Raschi, E; Poluzzi, E; Koci, A; Antonazzo, I C; Marchesini, G; De Ponti, F.
Afiliación
  • Raschi E; Alma Mater Studiorum - University of Bologna, Dept. of Medical and Surgical Sciences, Pharmacology Unit, Bologna, Italy.
  • Poluzzi E; Alma Mater Studiorum - University of Bologna, Dept. of Medical and Surgical Sciences, Pharmacology Unit, Bologna, Italy.
  • Koci A; Alma Mater Studiorum - University of Bologna, Dept. of Medical and Surgical Sciences, Pharmacology Unit, Bologna, Italy.
  • Antonazzo IC; Alma Mater Studiorum - University of Bologna, Dept. of Medical and Surgical Sciences, Pharmacology Unit, Bologna, Italy.
  • Marchesini G; Alma Mater Studiorum - University of Bologna, Dept. of Medical and Surgical Sciences, Unit of Metabolic Diseases & Clinical Dietetics, Bologna, Italy.
  • De Ponti F; Alma Mater Studiorum - University of Bologna, Dept. of Medical and Surgical Sciences, Pharmacology Unit, Bologna, Italy. Electronic address: fabrizio.deponti@unibo.it.
Nutr Metab Cardiovasc Dis ; 26(5): 380-6, 2016 05.
Article en En | MEDLINE | ID: mdl-27067162
ABSTRACT
BACKGROUND AND

AIMS:

We tested the possible association between dipeptidyl peptidase-4 inhibitors (DPP-4-I) use and heart failure (HF) occurrence by assessing the publicly available US-FDA Adverse Event Reporting System (FAERS).

METHODS:

FAERS data reporting HF and DPP-4-Is use in the period from the fourth quarter of 2006 through 2013 were extracted, using the Standardized MedDRA Query "Cardiac failure". Disproportionality (case/non-case method) was implemented by calculating Reporting Odds Ratios (RORs) with 95% Confidence Interval (CI) (1) exploratory analysis on the entire FAERS (using rosiglitazone as positive control); (2) consolidated analyses by therapeutic area (within antidiabetics), correcting for event- and drug-related competition bias and adjusting for co-reported drugs as confounders.

RESULTS:

HF during DPP4-I use was recorded in 390 reports (4.4% of total reports). In exploratory analysis, statistically significant ROR emerged for DPP-4-I as a class (ROR = 1.17; 95% CI = 1.05-1.29), saxagliptin (1.68; 1.29-2.17), vildagliptin (2.39; 1.38-4.14), and rosiglitazone (13.98; 13.30-14.70).
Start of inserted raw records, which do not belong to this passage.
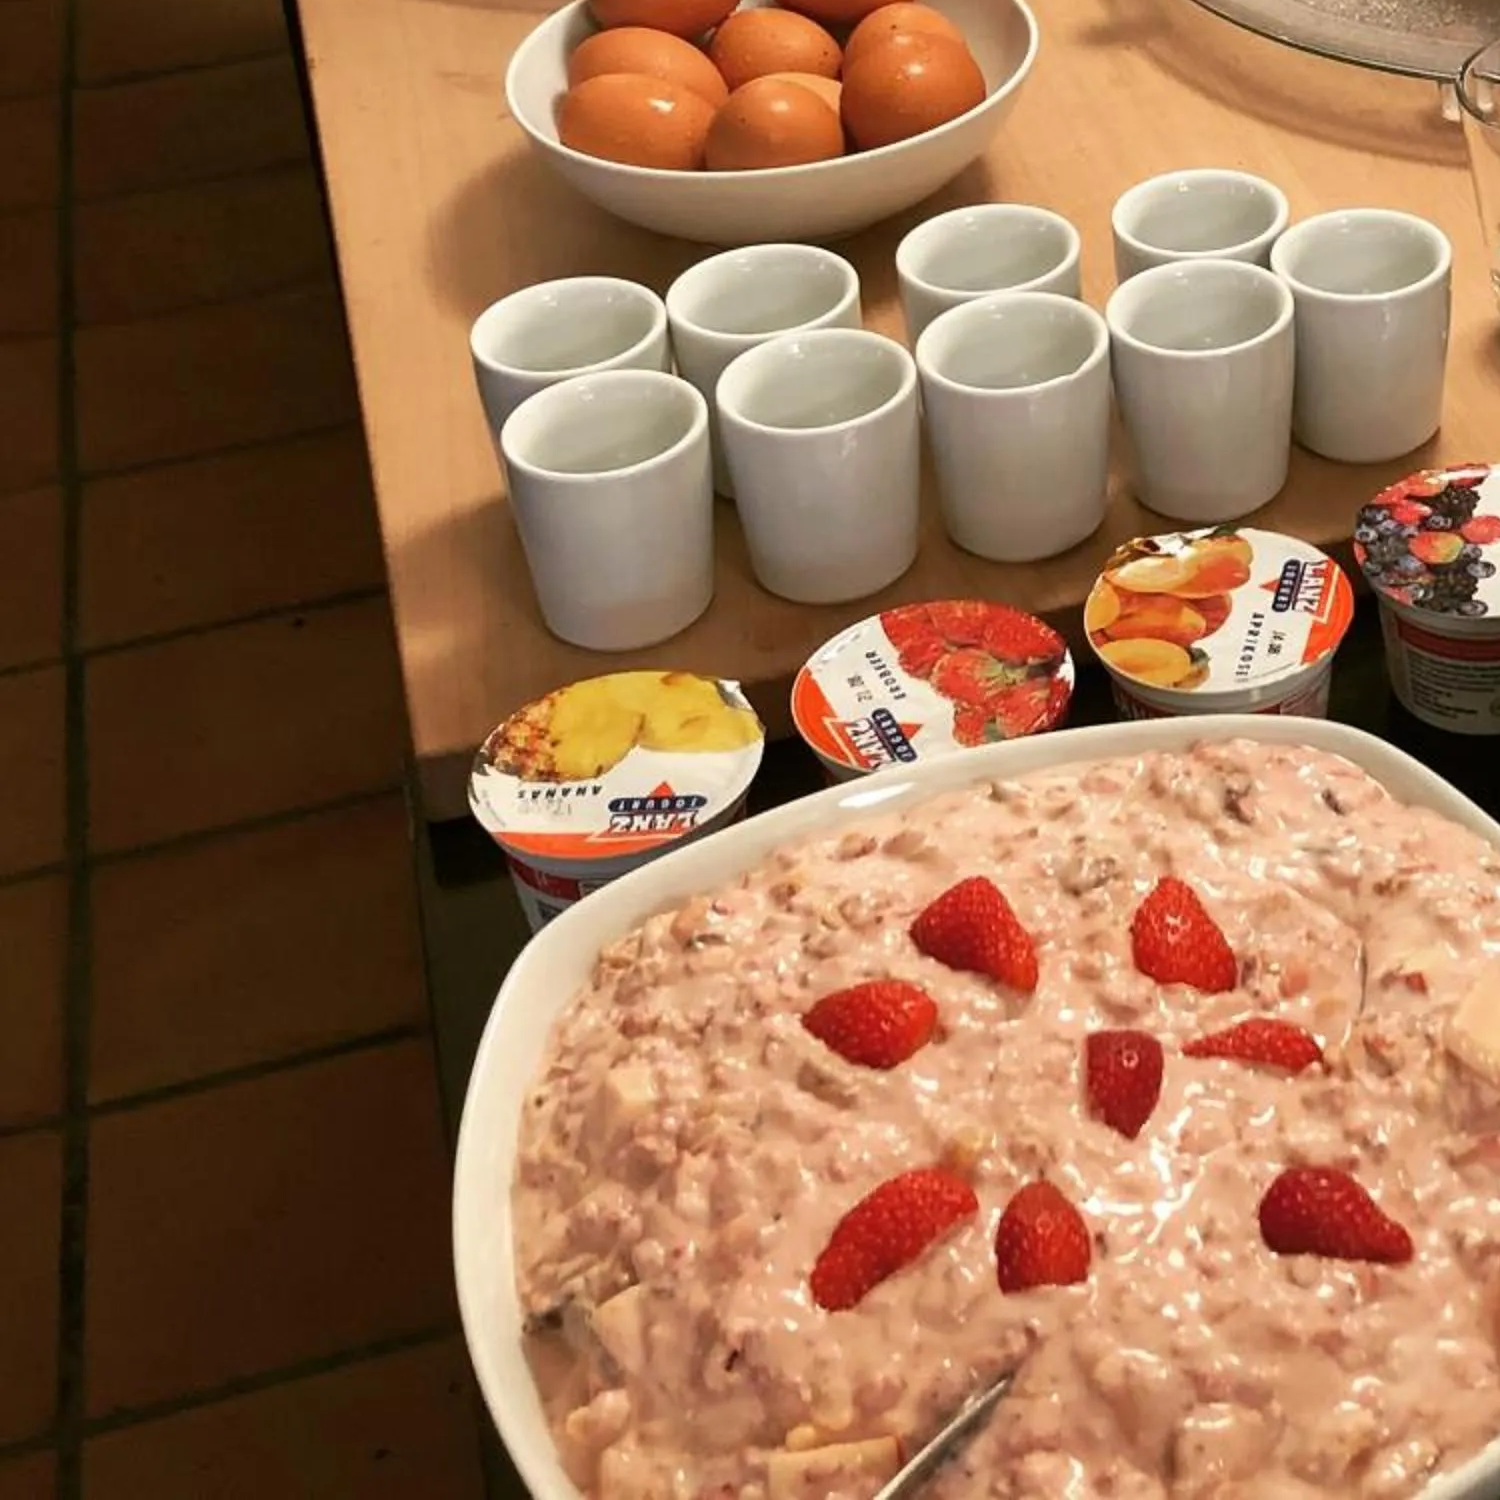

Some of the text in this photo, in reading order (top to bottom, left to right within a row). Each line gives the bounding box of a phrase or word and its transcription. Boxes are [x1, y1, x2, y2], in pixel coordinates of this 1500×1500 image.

[1294, 560, 1328, 613] LANZ
[865, 650, 907, 701] ERDBEER
[518, 786, 602, 799] ANANAS
[618, 796, 699, 812] JOGURT
[608, 811, 698, 834] LANZ
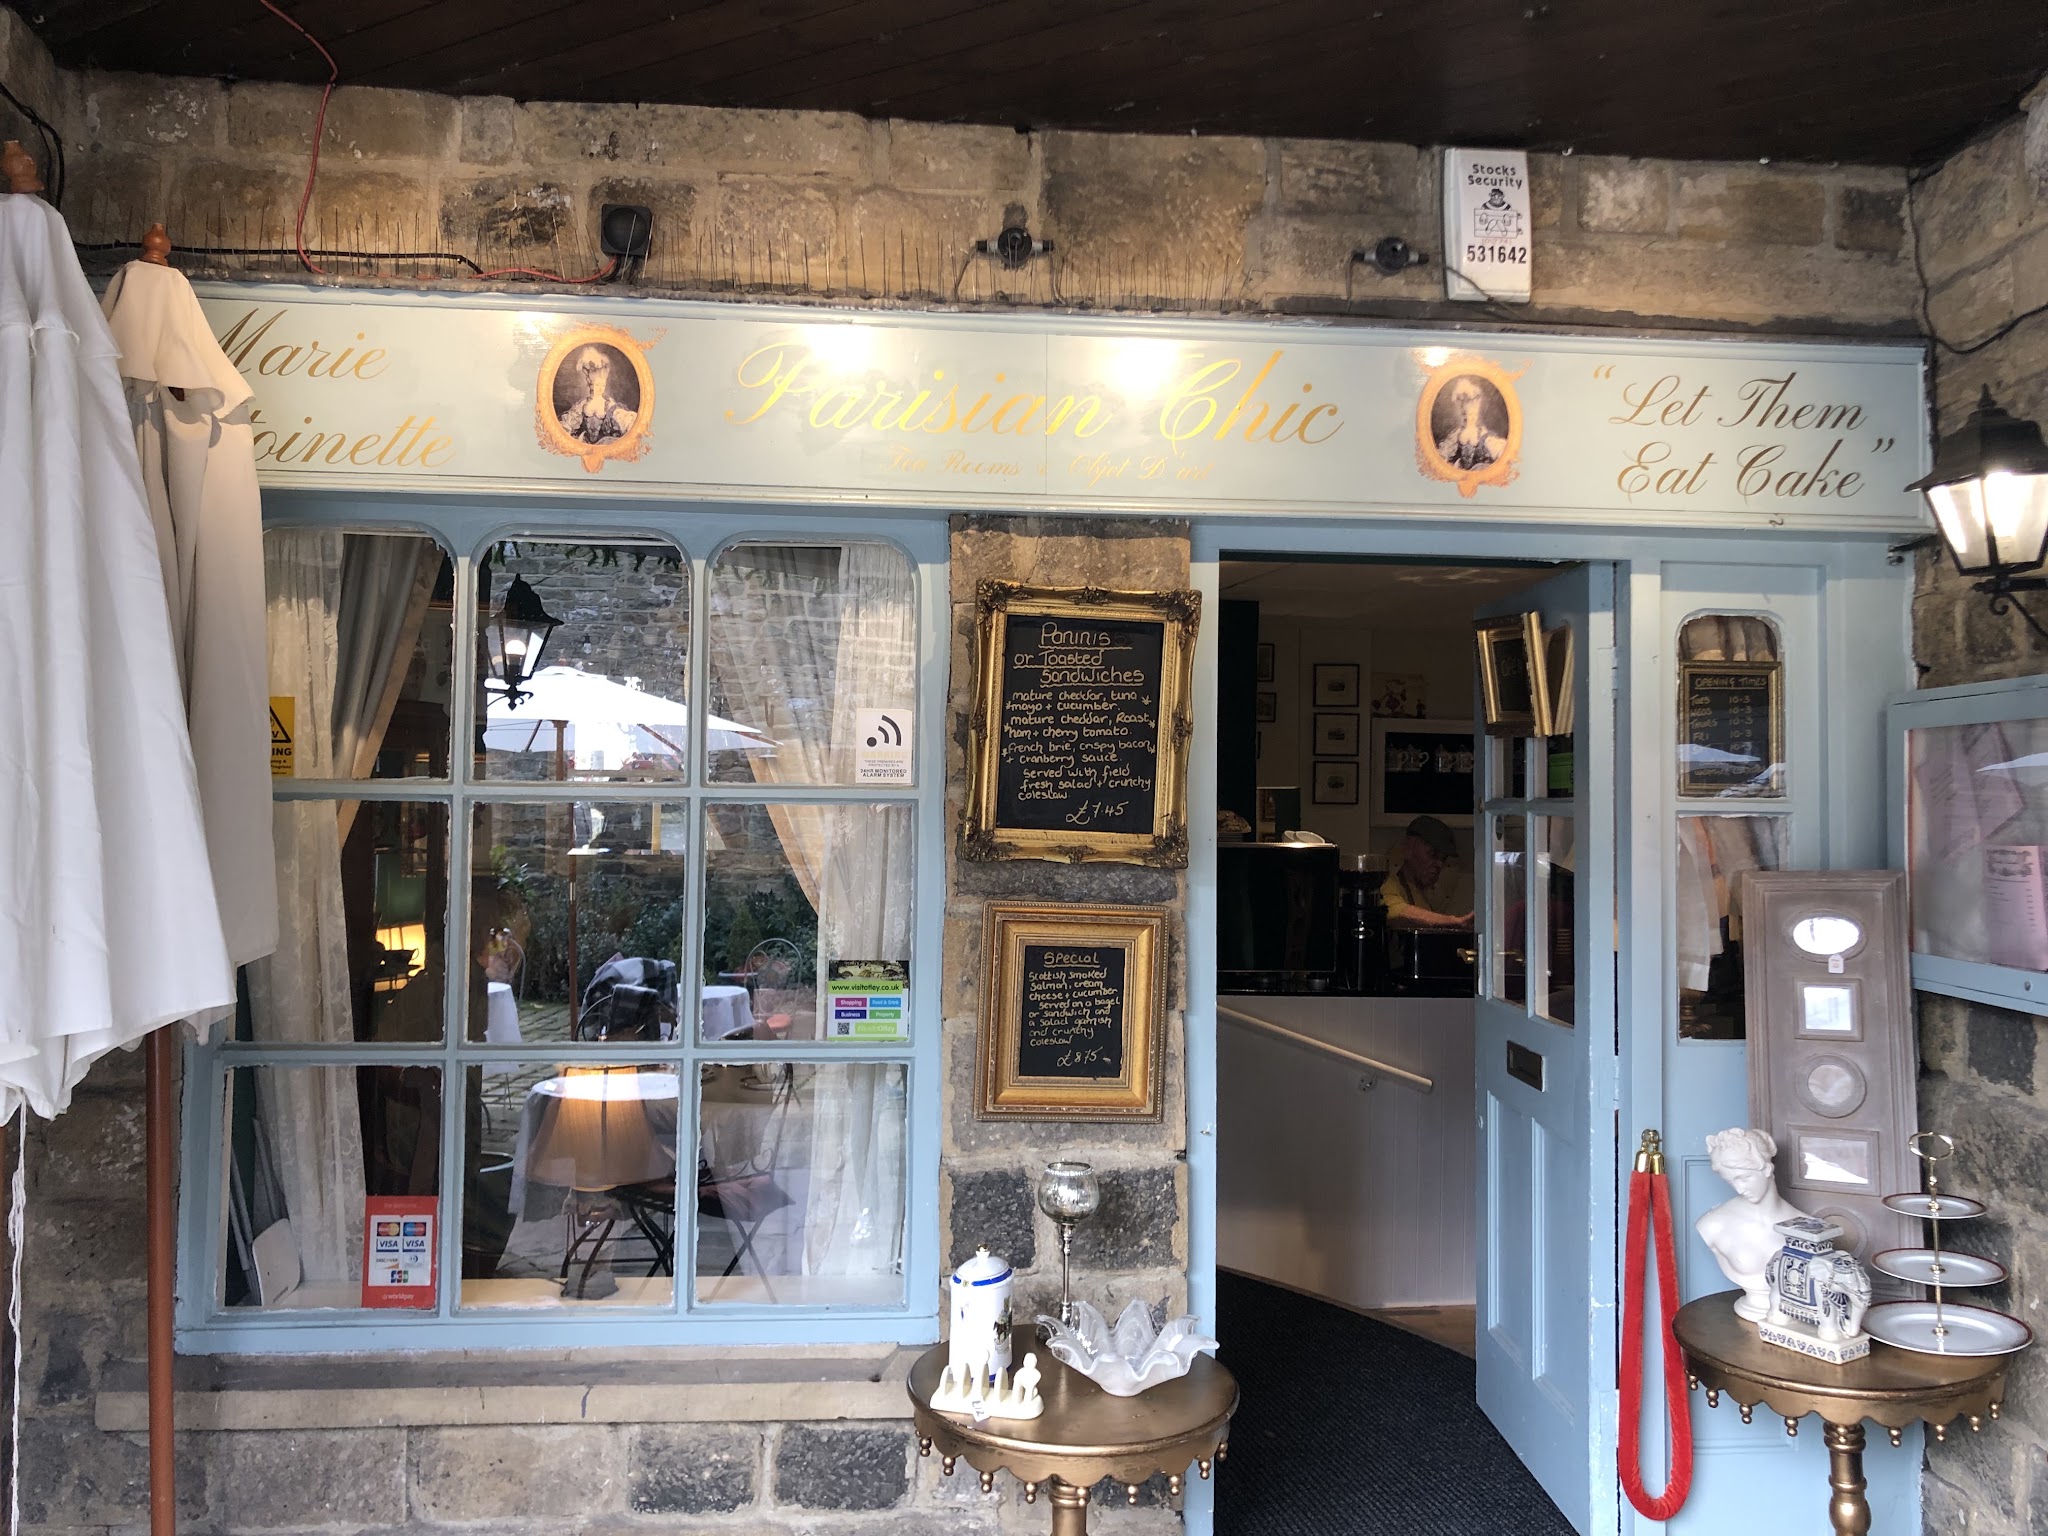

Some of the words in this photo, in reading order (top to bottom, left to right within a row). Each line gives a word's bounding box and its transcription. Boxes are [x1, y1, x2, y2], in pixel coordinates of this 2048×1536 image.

In consolidated analyses, the ROR for saxagliptin (2.60; 1.92-3.50) and vildagliptin (4.07; 2.28-7.27) increased, and became also significant for sitagliptin (1.61; 1.40-1.86). Concomitant drugs were reported in more than 50% of cases; the adjusted RORs of saxagliptin (2.30; 1.70-3.10), vildagliptin (3.15; 1.76-5.63), and sitagliptin (1.48; 1.28-1.71) were nonetheless significant.

CONCLUSION:

FAERS data are consistent with clinical studies on a possible association between saxagliptin and HF. The disproportionate reporting of HF with sitagliptin, conflicting with a recent phase IV trial, suggests that cardiovascular safety requires close post-marketing vigilance by clinicians of individual DPP-4-I in the community until the issue of class effect is solved.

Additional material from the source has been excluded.